La corsa all’intelligenza artificiale impone al settore finanziario di affrontare una sfida decisiva: costruire una governance solida e responsabile, in grado di garantire trasparenza, sicurezza, efficacia e piena conformità normativa. Ogni istituzione che adotta l’AI deve (ri)definire ruoli e responsabilità chiare, dal Consiglio di amministrazione alle squadre operative, per assicurare una supervisione coerente dei modelli, dei sistemi e della trasformazione digitale nel suo complesso. Non basta introdurre tecnologie: serve un impianto di regole, policy e linee guida che disciplinino l’uso etico e responsabile dell’AI, la qualità dei dati, la gestione dei bias, la privacy e la tracciabilità delle decisioni automatizzate (sul punto si veda anche “Chat Bankman-Fried? An Exploration of LLM Alignment in Finance” – Paper Banca d’Italia del Maggio 2025, da cui emerge chiaramente come diversi modelli linguistici (tra cui GPT, Claude e Llama), sottoposti a scenari decisionali complessi hanno risposto in modo incoerente tra loro proponendo decisioni potenzialmente lesive dei limiti etici in caso di stress delle variabili di scenario proposte.

Per questo, la governance dell’AI deve integrarsi nel più ampio framework di Risk Management, perché l’AI introduce nuove categorie di rischio: modelli imprecisi, distorsioni nei dati, bias che possono amplificare discriminazioni nel credit scoring o nella gestione dei sinistri, fino a rischi reputazionali legati alla mancanza di chiarezza.

In questo contesto, la formazione diventa la prima linea di difesa. Promuovere la cosiddetta AI Literacy — la cultura dell’intelligenza artificiale a tutti i livelli aziendali — non è solo un requisito normativo, ma una leva di valore.

Dati di qualità: il fondamento dell’AI affidabile

Data Governance e Data Quality

Alla base di una governance efficace dell’AI c’è un elemento spesso sottovalutato: la qualità dei dati. Nel mondo finanziario, dati incoerenti o incompleti compromettono la solidità dei modelli, generando risultati poco affidabili e nuovi rischi.

Investire in governance dei dati significa, in definitiva, abilitare il valore dell’AI creando i presupposti per la fiducia nei risultati prodotti dai modelli, fiducia da parte dei clienti e degli utenti riducendo altresì i rischi collegati all’adozione.

Il quadro normativo: dall’AI Act europeo alla legge italiana

Nel panorama finanziario, la crescente spinta normativa sull’intelligenza artificiale segna l’inizio di una nuova fase: quella della responsabilità regolata. A livello europeo, l’AI Act (Reg. UE 2024/1689) introduce un quadro giuridico organico che disciplina lo sviluppo, la distribuzione e l’utilizzo dei sistemi di AI, imponendo a tutti gli attori della filiera — fornitori, importatori, distributori e utilizzatori — obblighi proporzionati al livello di rischio dei modelli e sistemi.

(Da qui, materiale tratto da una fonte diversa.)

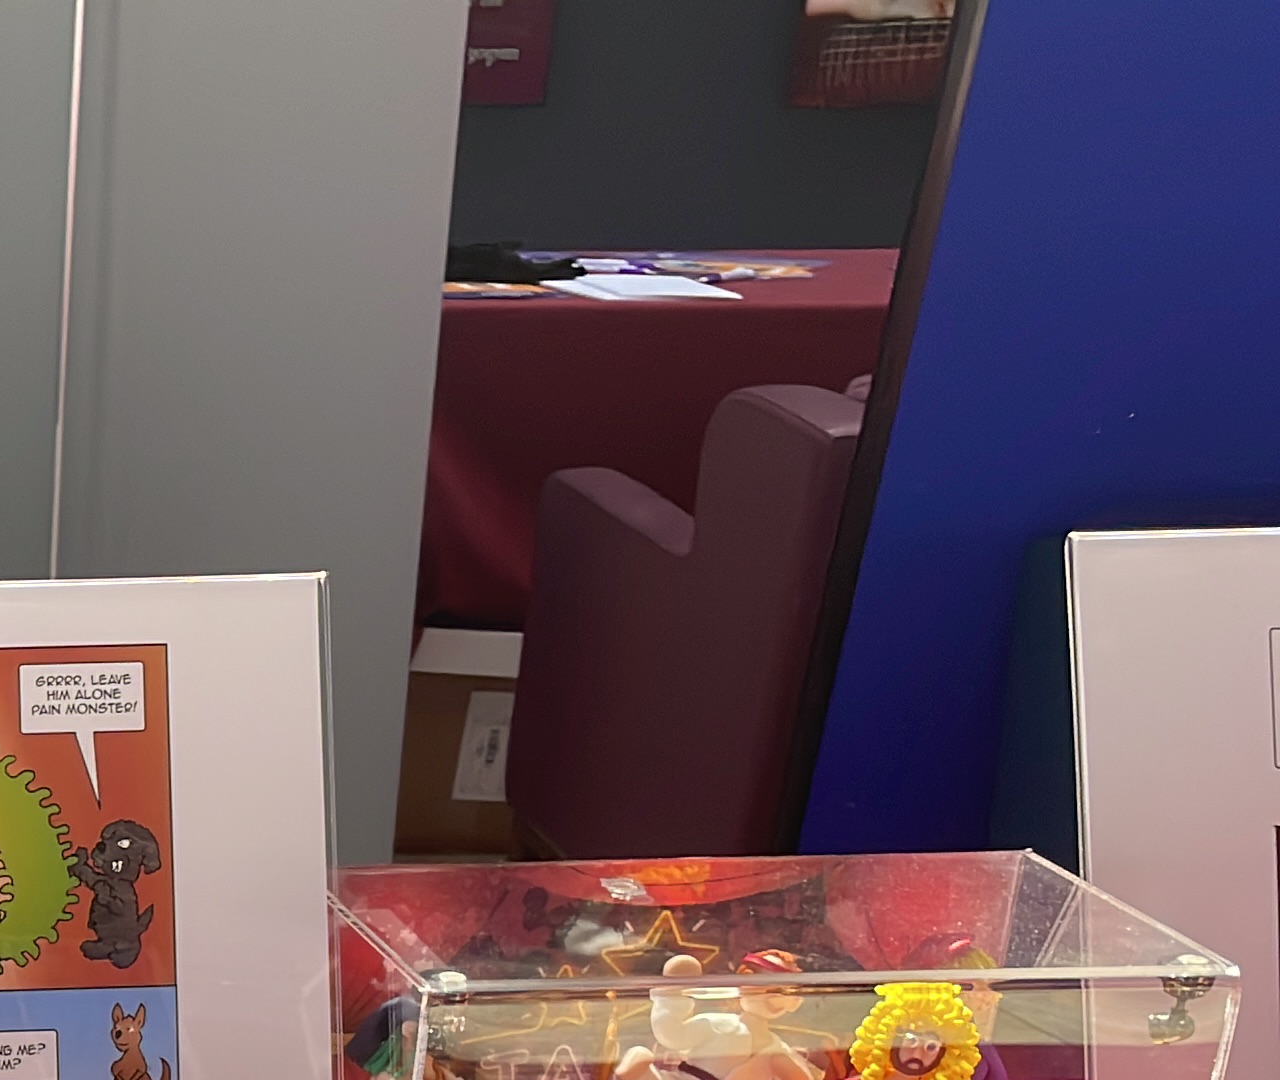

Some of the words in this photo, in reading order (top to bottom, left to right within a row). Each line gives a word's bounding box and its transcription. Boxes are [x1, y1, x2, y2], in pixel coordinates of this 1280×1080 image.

[91, 674, 131, 685] LEAVE
[47, 690, 70, 701] HIM
[74, 688, 121, 700] ALONE
[31, 704, 61, 716] PAIN
[65, 701, 138, 715] MONSTER!
[16, 1043, 46, 1056] ME?

L’obiettivo è chiaro: promuovere innovazione, ma nel rispetto di trasparenza, sicurezza e diritti fondamentali.

In Italia, la Legge 132/2025 ha allineato il quadro nazionale a quello europeo, fissando principi per la ricerca, lo sviluppo e l’adozione dei sistemi di AI anche nei settori strategici, tra cui il finanziario, dove impatti etici e sistemici sono particolarmente rilevanti.

Le nuove norme si affiancano, anche ai temi di privacy (GDPR) e di tutela del know-how aziendale (la diffusione della cosiddetta “shadow AI”, cioè l’uso non regolato di strumenti di AI generativa in ambito lavorativo, espone le organizzazioni a fughe di dati, violazioni della proprietà intellettuale e perdita di vantaggi competitivi).

Verso un’AI sostenibile ed etica nel sistema finanziario

L’integrazione dell’intelligenza artificiale nei processi produttivi rappresenta una sfida complessa ma imprescindibile per tutte le organizzazioni che intendono rimanere competitive.

Solo attraverso una visione strategica ed una governance solida, sarà possibile cogliere appieno le opportunità offerte dall’AI, contenendo al contempo i rischi e salvaguardando la fiducia degli stakeholder. In questo percorso, la collaborazione tra legislatore, Autorità di Vigilanza, operatori e professionisti sarà l’imprescindibile fattore abilitante per uno sviluppo sostenibile, etico e responsabile dell’AI nel settore, capace di generare valore duraturo per il sistema finanziario e per la società.